Secure OTA is using RSA code in ROM, so it is a feature that's only available on 20737S.
My apologies for the confusion.
If I don't want the Secure OTA and just implement the normal OTA as explained in the example - ota_firmware_upgrade for hello sensor
Just to ask: what does secure mean here?
Is it encrypted when sent via BLE from Android to device? Or also encrypted when FW image (OTA bin file) is taken from an Internet server? Or the OTA file itself is encrypted? (where is it decrypted?)
I want to do this:
The OTA bin file should sit in my local Android phone, e.g. copied to Android phone via USB from PC into a folder on SD Card. Or, at best: if APK will be installed - it comes with the OTA bin file (as part of "res/raw" or "assets").
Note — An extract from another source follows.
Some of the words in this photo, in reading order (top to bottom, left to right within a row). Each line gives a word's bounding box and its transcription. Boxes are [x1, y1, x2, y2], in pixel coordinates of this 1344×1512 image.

If I go to the settings menu - I want to select to send this local OTA file from Android phone via BLE to device.
Not via Internet or connecting a hosting server.
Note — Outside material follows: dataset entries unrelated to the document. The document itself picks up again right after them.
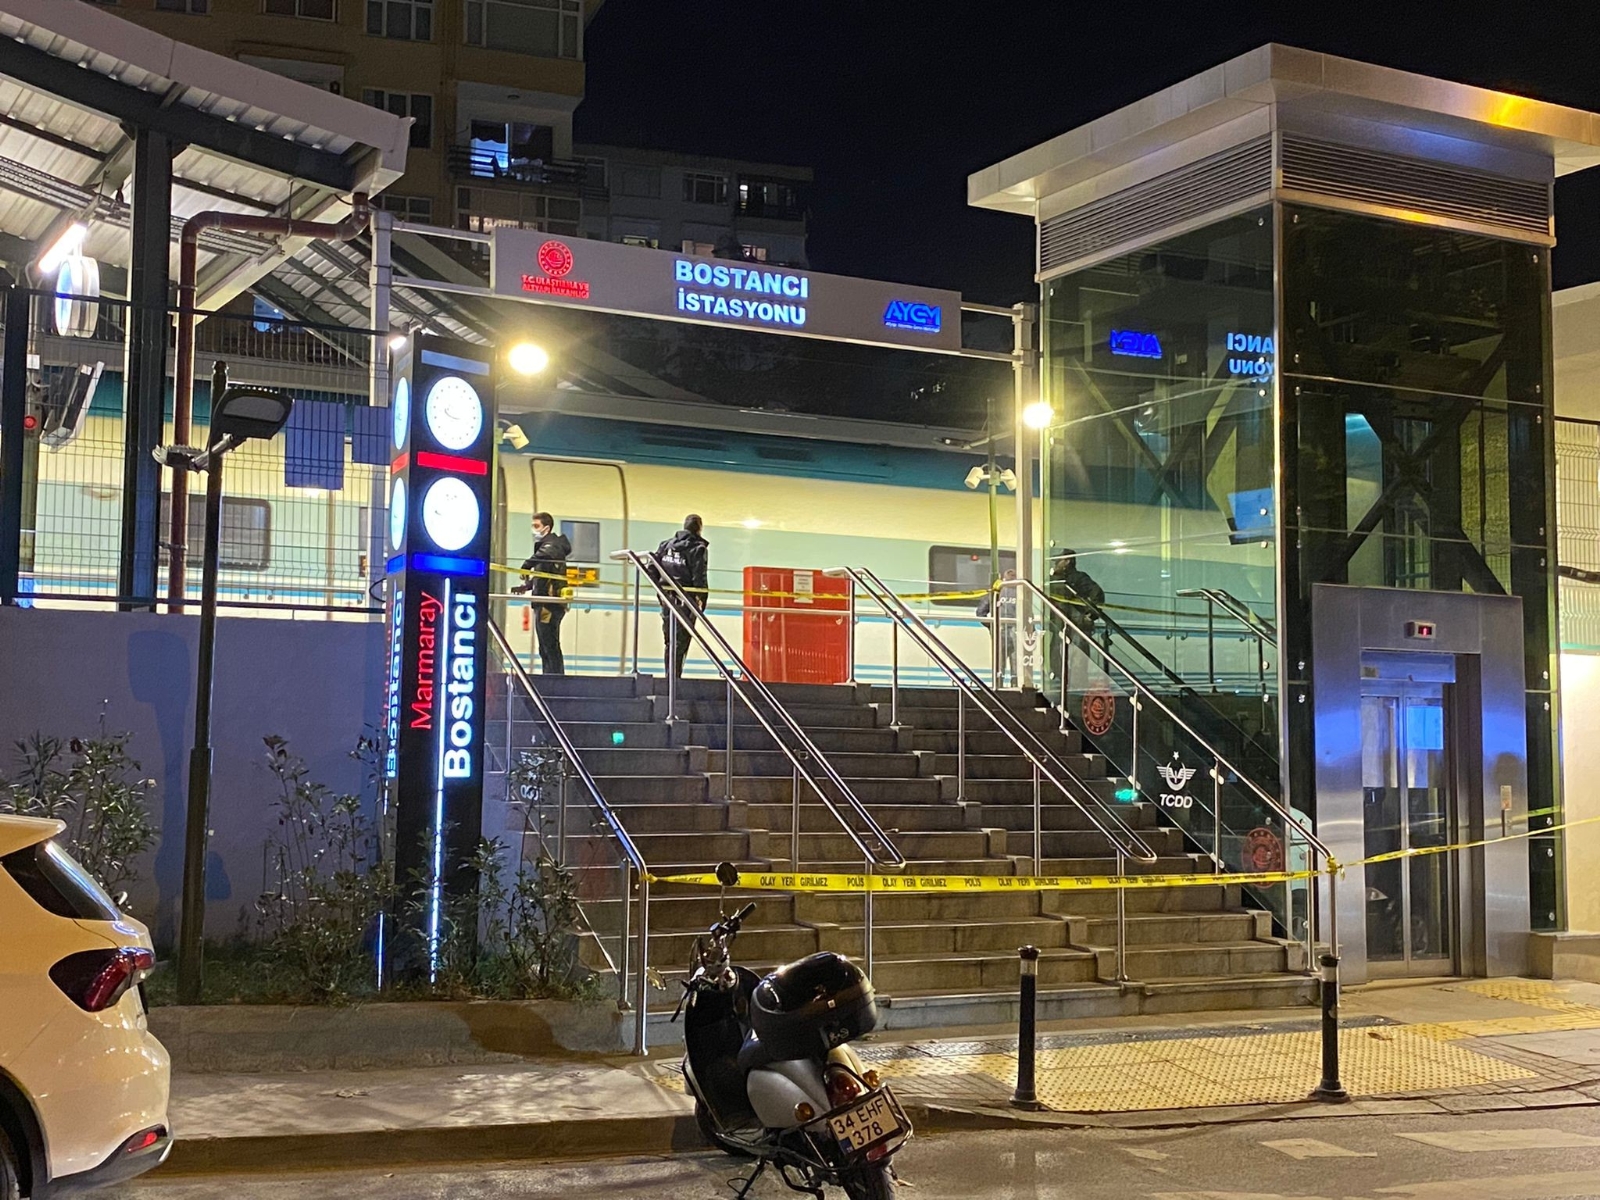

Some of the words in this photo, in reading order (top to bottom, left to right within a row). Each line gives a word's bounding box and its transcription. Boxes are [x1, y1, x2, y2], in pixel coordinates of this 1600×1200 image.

[675, 260, 808, 298] BOSTANCI
[678, 288, 806, 325] İSTASYONU
[411, 591, 444, 729] Marmaray
[444, 593, 476, 778] Bostancı
[1159, 793, 1193, 809] TCDD
[760, 876, 776, 886] OLAY
[834, 1114, 855, 1134] 34
[856, 1098, 883, 1123] EHF
[852, 1121, 883, 1145] 378
Is there anything to bear in mind due to security (encryption)?
Could I make it also open (for easier use)?
Is there anything to sign, e.g. the OTA bin file itself?
You should be fine then. The AppNote describes the Secure version of OTA, which leverages the Polar SSL port of the RSA Code that is resident in ROM:How to operate RSA in BCM20737S & BCM20737S document
As you have noted, for non-scure OTA, there is a simple explanation in the headers of the sources. Plus there is a Readme in the ota_firmware_upgrade\peerapps\windows\wsotaupgrade directory.